By KRISTINA PETERSON
Updated Jan. 3, 2017 11:20 a.m. ET

WASHINGTON—President-elect Donald Trump on Tuesday criticized the timing of House Republicans’ move to undercut a nonpartisan congressional ethics board, saying in a pair of tweets that lawmakers should focus on issues that he considers higher priorities, including tax reform and health care.

House Republicans, meeting as a group Monday night, approved an amendment from House Judiciary Committee Chairman Bob Goodlatte (R., Va.) that would place the Office of Congressional Ethics under the oversight of the lawmaker-run House Ethics Committee. Mr. Goodlatte’s measure is now part of the package of new House rules set to come up for a vote on the House floor Tuesday, when the new session of Congress convenes.

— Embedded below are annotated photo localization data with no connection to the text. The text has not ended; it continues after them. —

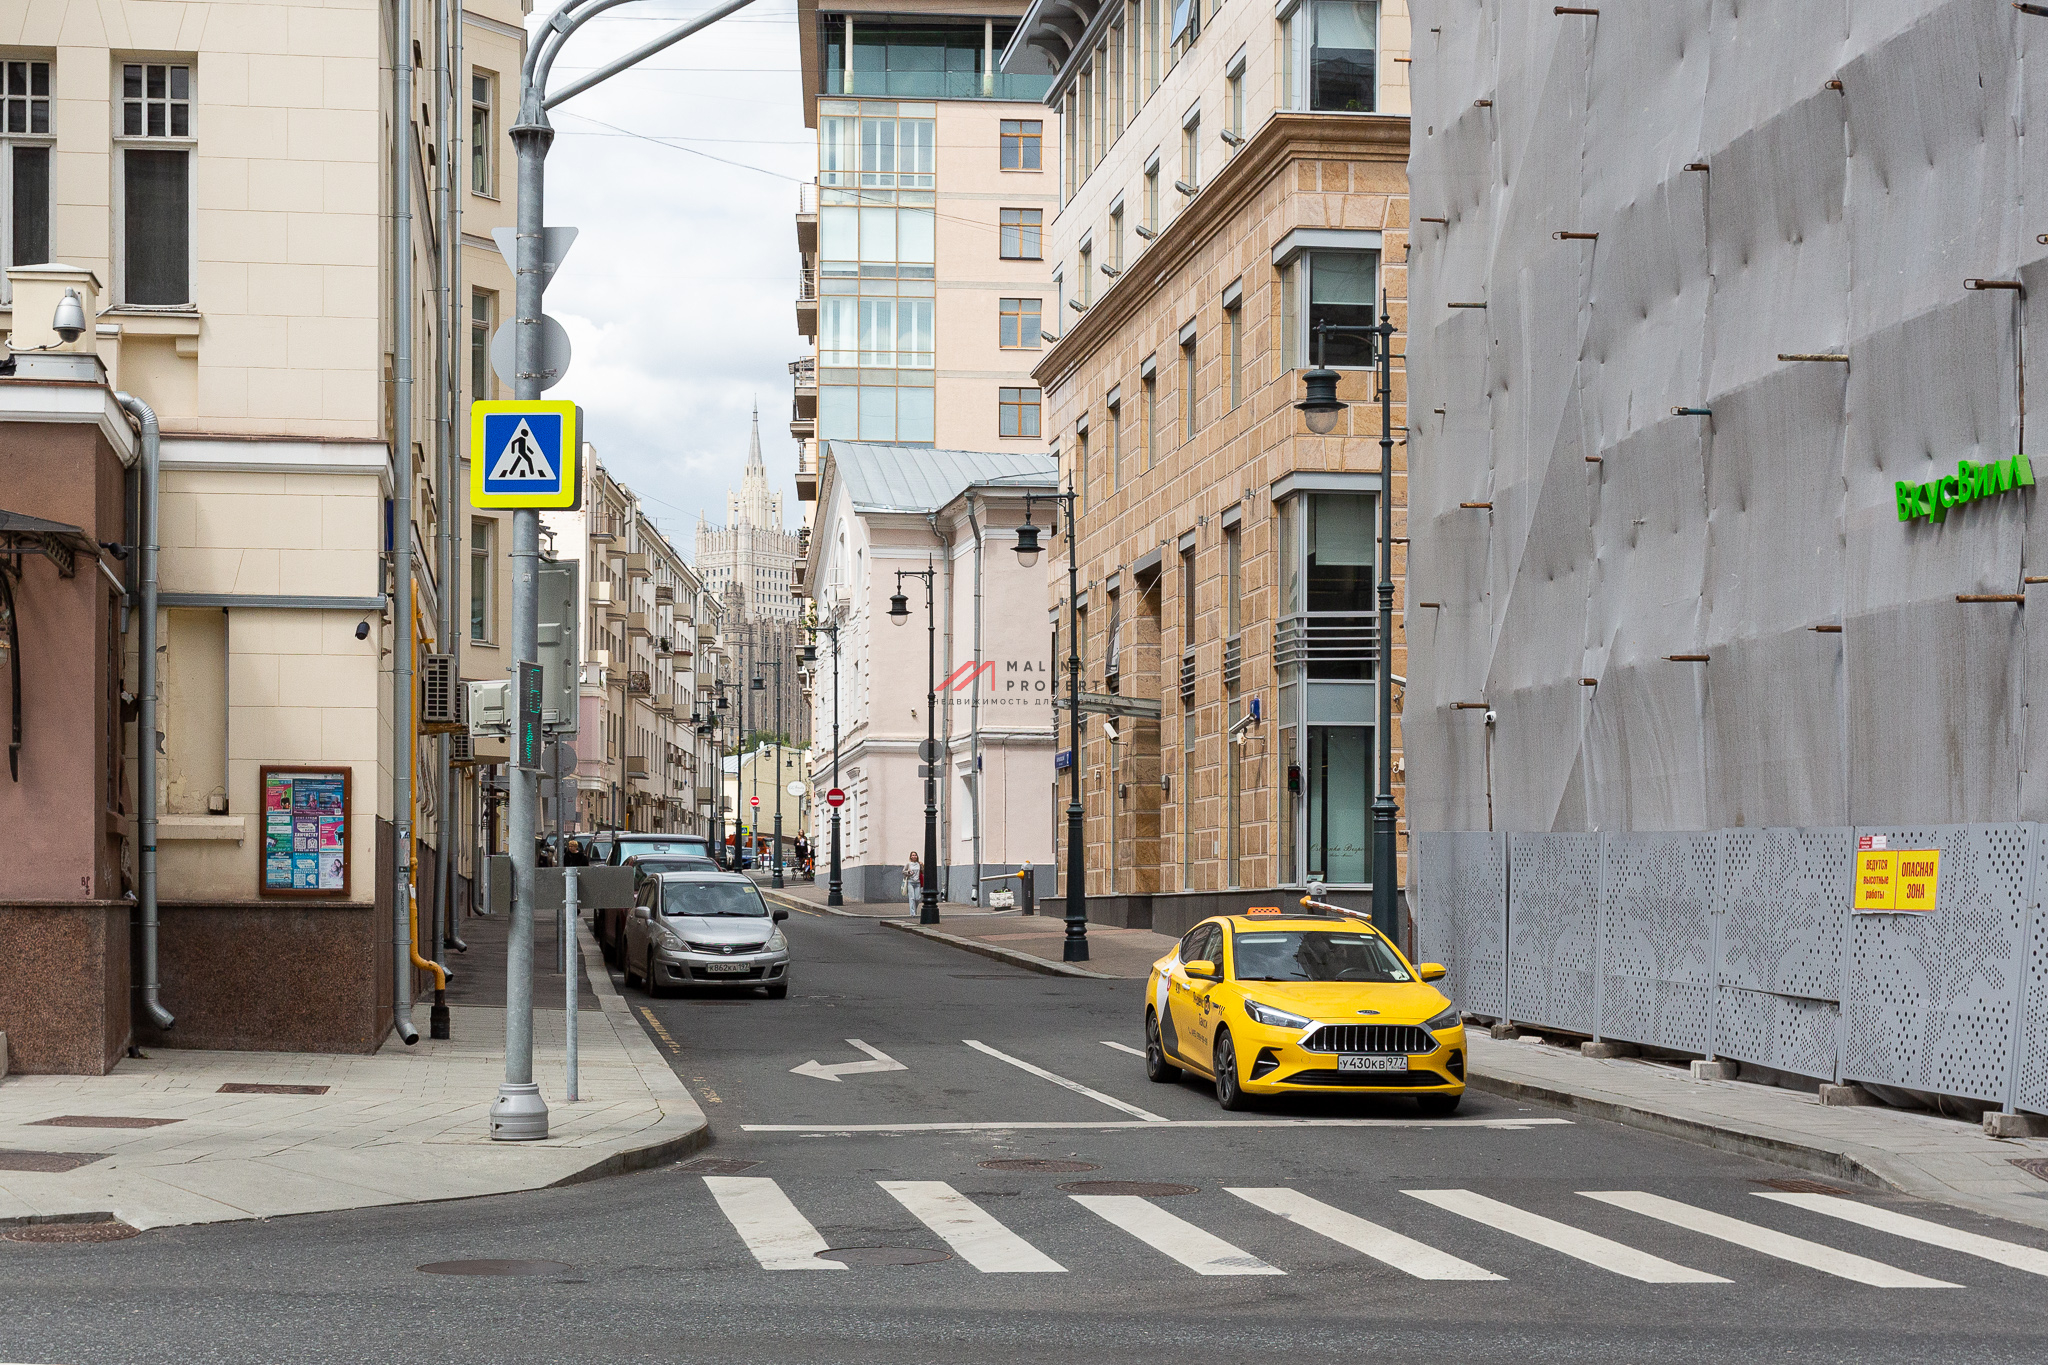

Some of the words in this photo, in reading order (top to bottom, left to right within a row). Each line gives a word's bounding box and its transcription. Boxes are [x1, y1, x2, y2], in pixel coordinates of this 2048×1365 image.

[1865, 859, 1888, 871] ВЕДУТСЯ
[1901, 861, 1934, 877] ОПАСНАЯ
[1865, 889, 1885, 900] работы
[1906, 883, 1925, 899] ЗОНА
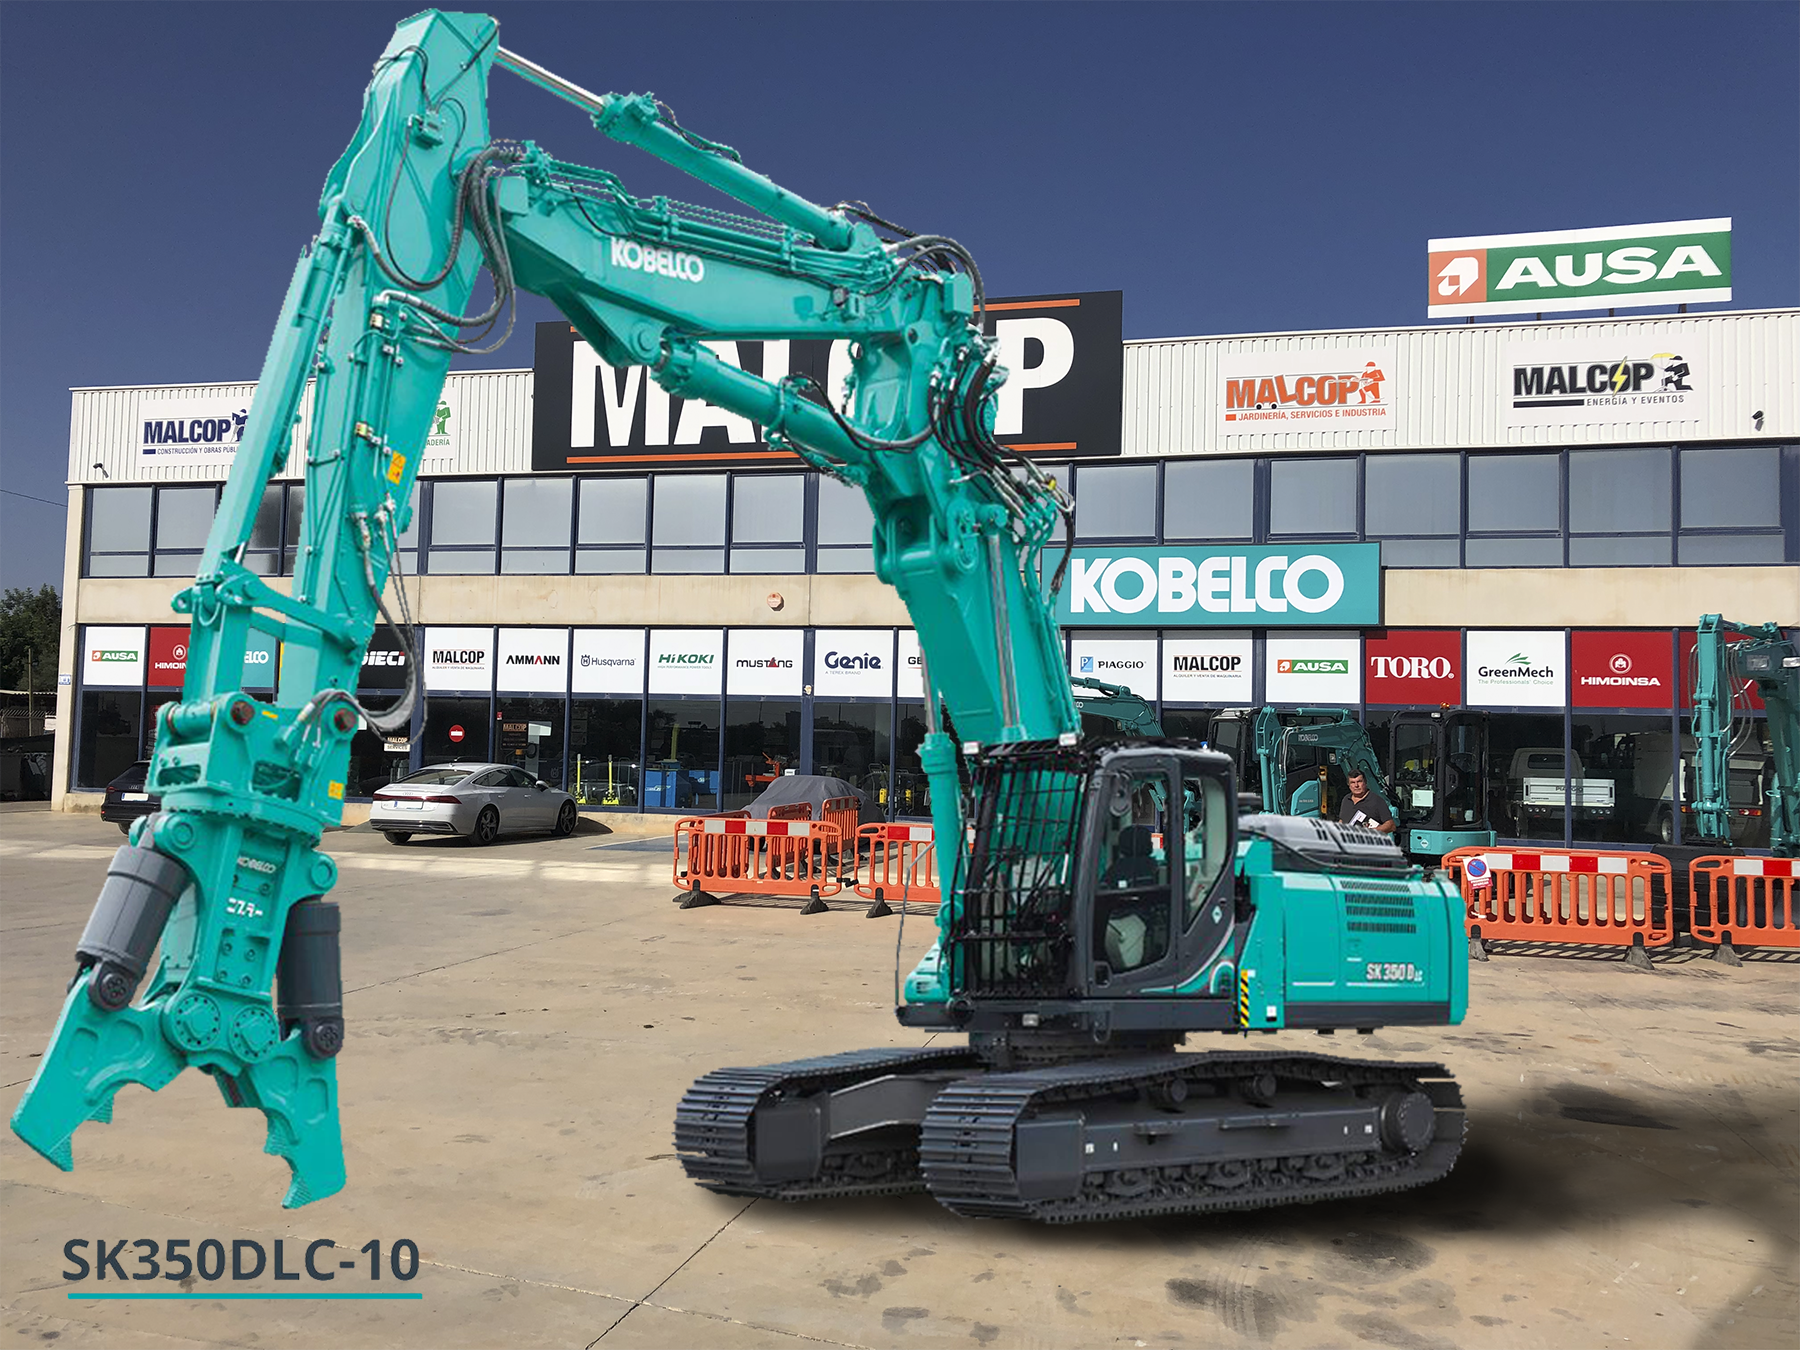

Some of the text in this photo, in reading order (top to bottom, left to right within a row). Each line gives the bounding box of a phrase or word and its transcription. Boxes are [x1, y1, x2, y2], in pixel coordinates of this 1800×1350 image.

[611, 236, 705, 282] KOBELCO
[1494, 244, 1722, 290] AUSA
[1513, 362, 1655, 397] MALCOP
[1226, 374, 1360, 409] MALCOP
[1586, 395, 1685, 406] ENERGÍA Y EVENTOS
[1238, 408, 1387, 421] JARDINERÍA, SERVICIOS E INDUSTRIA
[143, 419, 231, 444] MALCOP
[427, 437, 451, 446] ADERÍA
[157, 446, 198, 455] CONSTRUCCIÓN
[204, 446, 222, 454] OBRAS
[223, 445, 239, 453] PÚBLI
[1070, 554, 1345, 614] KOBELCO
[102, 652, 137, 660] AUSA
[243, 650, 269, 664] ELCO
[432, 650, 485, 664] MALCOP
[506, 655, 560, 665] AMMANN
[591, 657, 635, 667] Husqvarna
[824, 651, 882, 669] Genie
[1097, 660, 1145, 669] PIAGGIO
[1173, 656, 1242, 671] MALCOP
[1293, 661, 1346, 671] AUSA
[1370, 656, 1451, 678] TORO
[1478, 666, 1554, 678] GreenMech
[1580, 676, 1661, 686] HIMOINSA
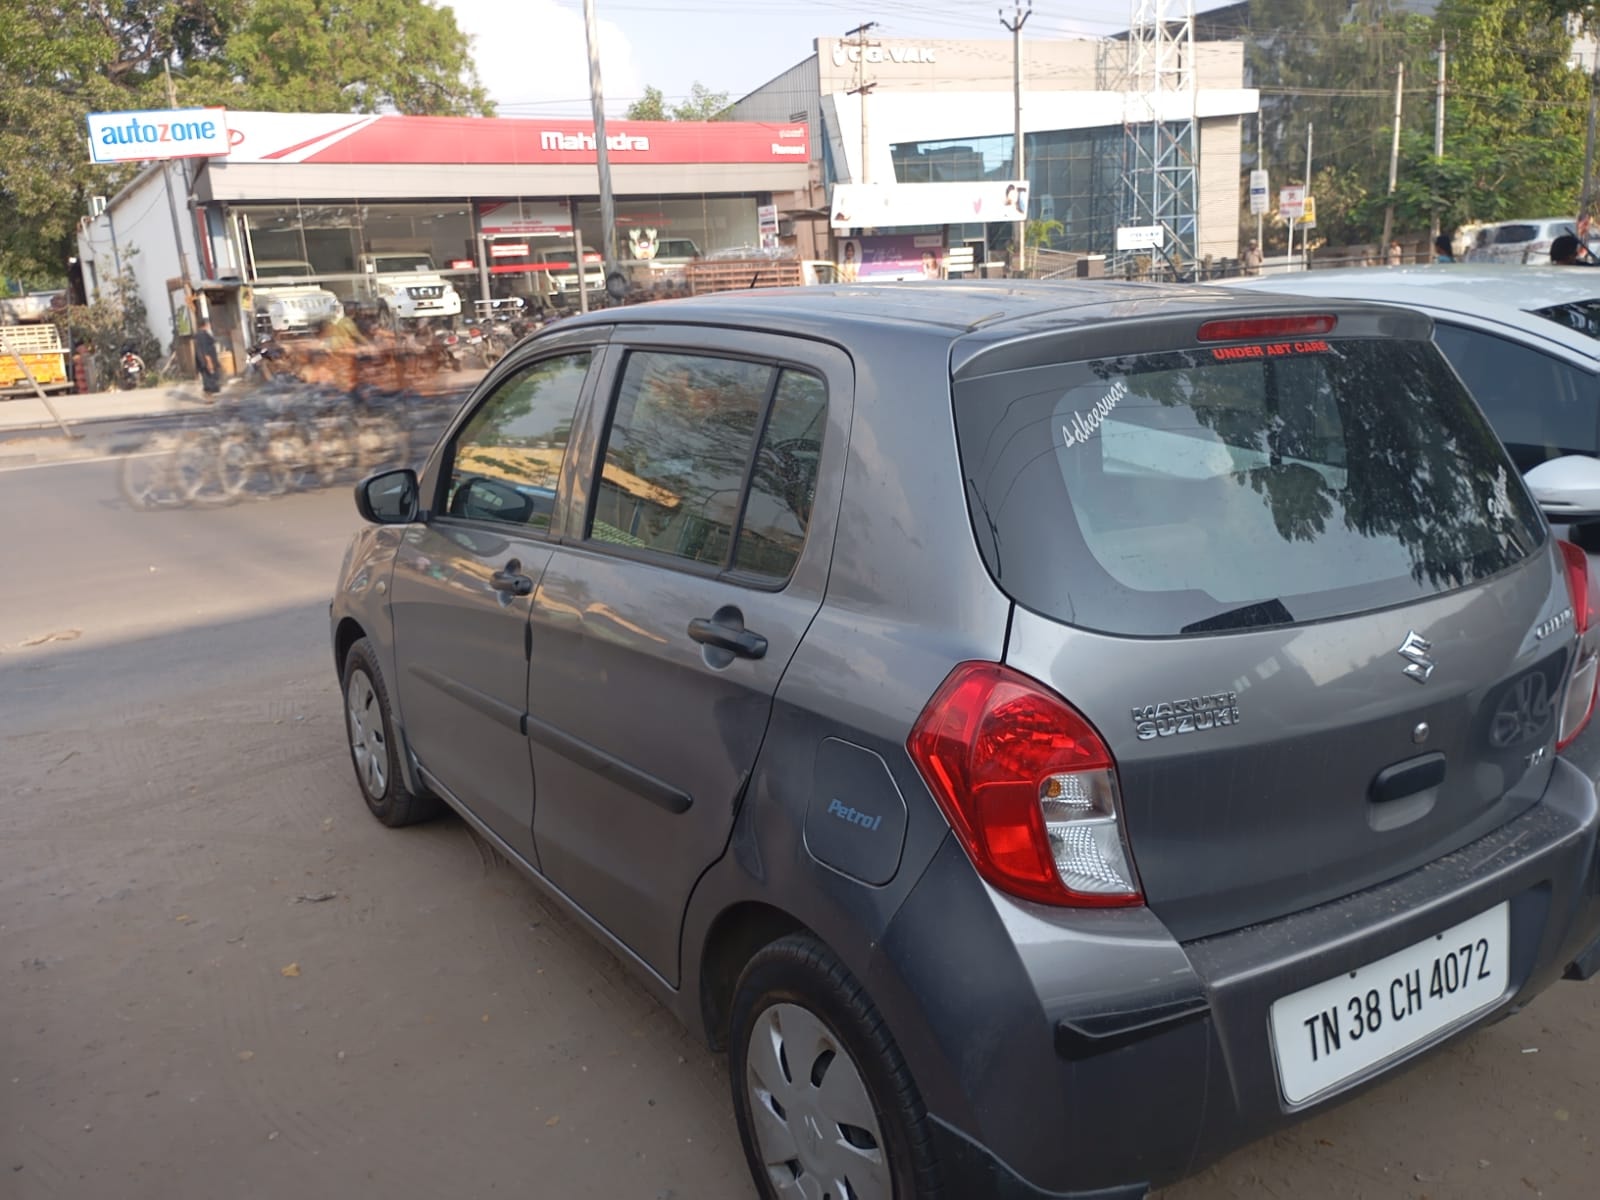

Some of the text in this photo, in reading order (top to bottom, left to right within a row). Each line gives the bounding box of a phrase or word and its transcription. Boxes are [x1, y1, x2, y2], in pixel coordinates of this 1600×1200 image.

In two tweets Tuesday morning, Mr. Trump seemed to express sympathy with the move on its merits, calling the watchdog office “unfair.” But he said, “With all that Congress has to work on, do they really have to make the weakening of the Independent Ethics Watchdog, as unfair as it…may be, their number one act and priority.” He added that he would prefer a focus on issues “of far greater importance!”

The Office of Congressional Ethics serves as the chamber’s independent ethics watchdog by reviewing allegations against House members and staff. It is governed by an eight-person board of private citizens who don’t work for the government.

       
THE TRUMP TRANSITION

The move by House Republicans to water down the office triggered swift pushback from Democrats and government watchdog groups.

“Republicans claim they want to ‘drain the swamp,’ but the night before the new Congress gets sworn in, the House GOP has eliminated the only independent ethics oversight of their actions,” House Minority Leader Nancy Pelosi (D., Calif.) said in a statement Monday night. “Evidently, ethics are the first casualty of the new Republican Congress.”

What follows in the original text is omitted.